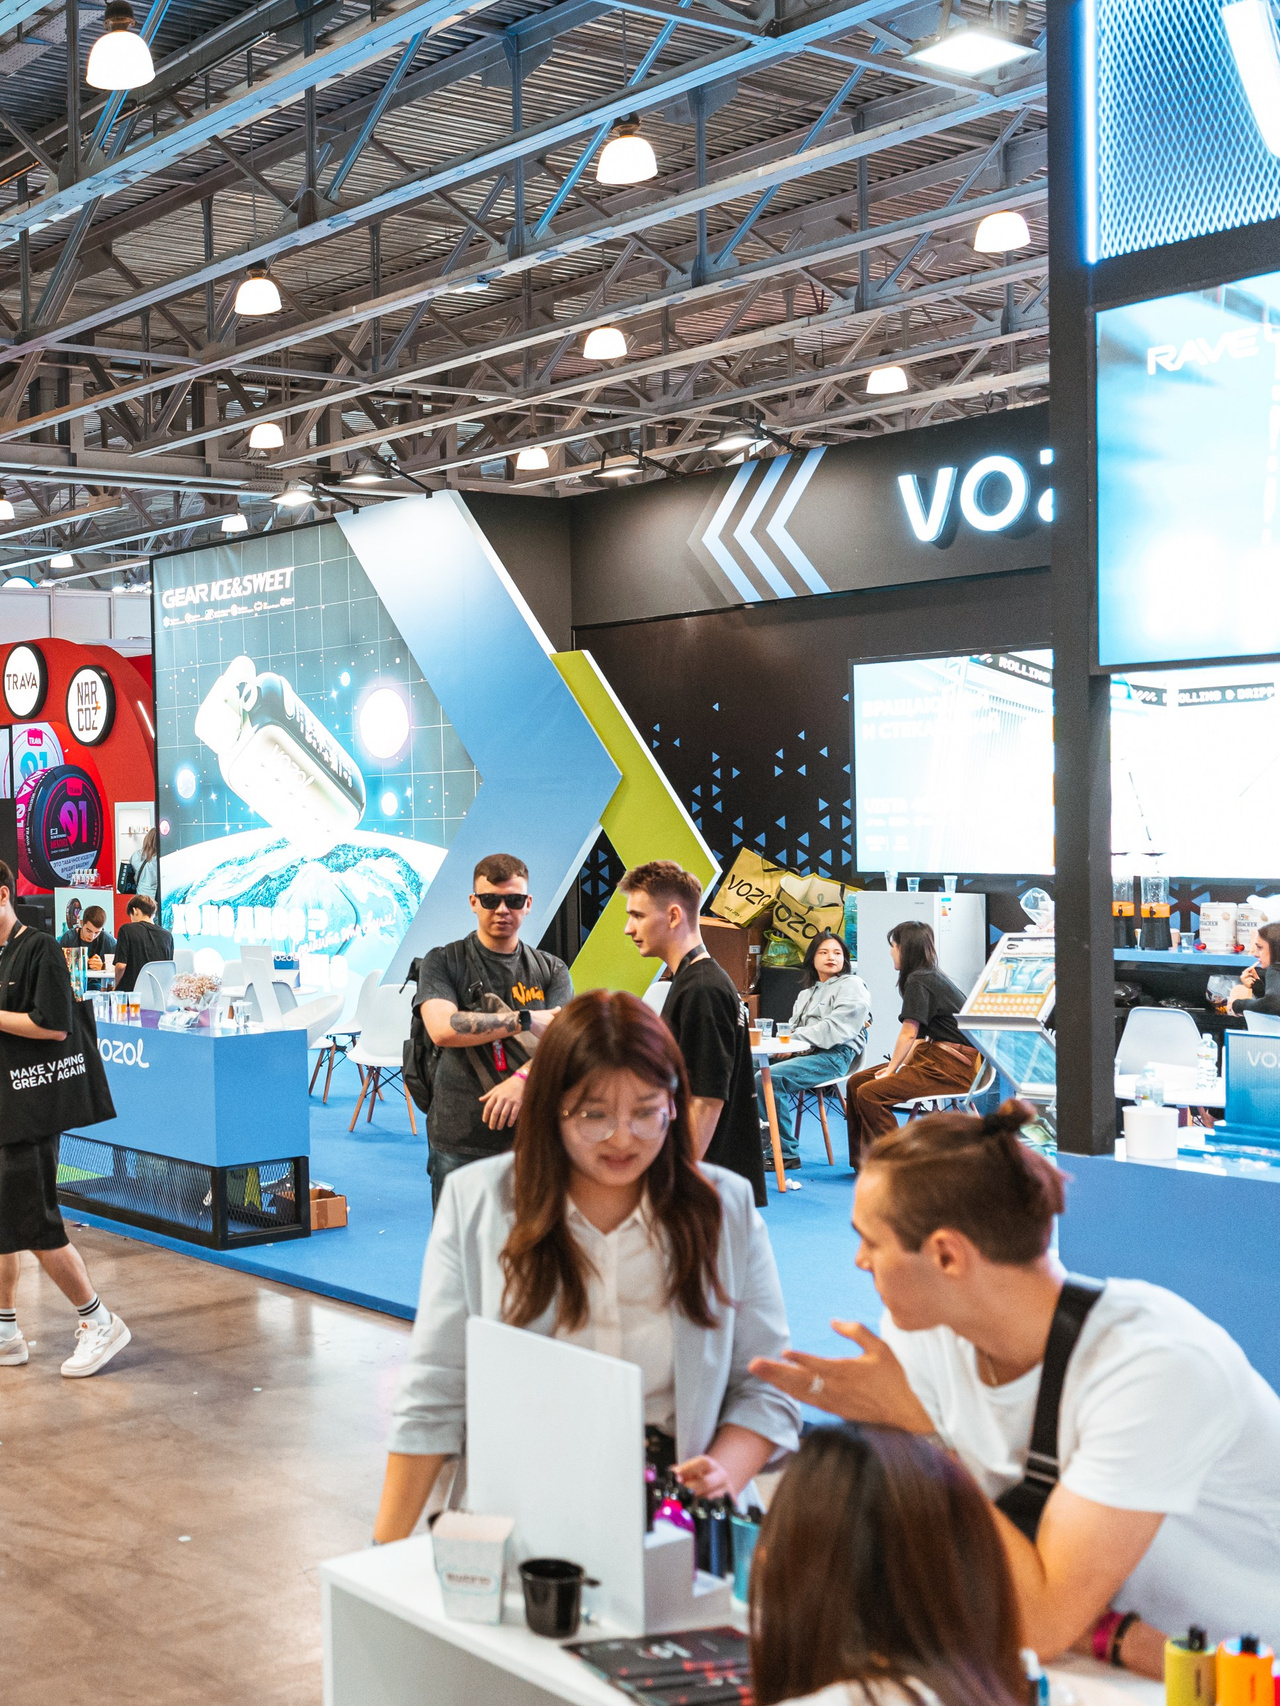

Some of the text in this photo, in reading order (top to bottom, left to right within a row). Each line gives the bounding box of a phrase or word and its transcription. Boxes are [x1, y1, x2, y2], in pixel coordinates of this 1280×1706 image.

[1147, 326, 1260, 376] RAVE
[162, 567, 295, 609] GEAR ICE&SWEET
[6, 671, 39, 692] TRAVA
[77, 680, 98, 706] NAR
[10, 1053, 84, 1080] MAKE VAPING
[12, 1063, 86, 1090] GREAT AGAIN

● **ACTIVITY**
Pictures are to be left out. Everything else in the records above gets repeated exactly.

● **RESULT**
Some of the text in this photo, in reading order (top to bottom, left to right within a row). Each line gives the bounding box of a phrase or word and its transcription. Boxes are [x1, y1, x2, y2], in pixel coordinates of this 1280×1706 image.

[1147, 326, 1260, 376] RAVE
[162, 567, 295, 609] GEAR ICE&SWEET
[6, 671, 39, 692] TRAVA
[77, 680, 98, 706] NAR
[10, 1053, 84, 1080] MAKE VAPING
[12, 1063, 86, 1090] GREAT AGAIN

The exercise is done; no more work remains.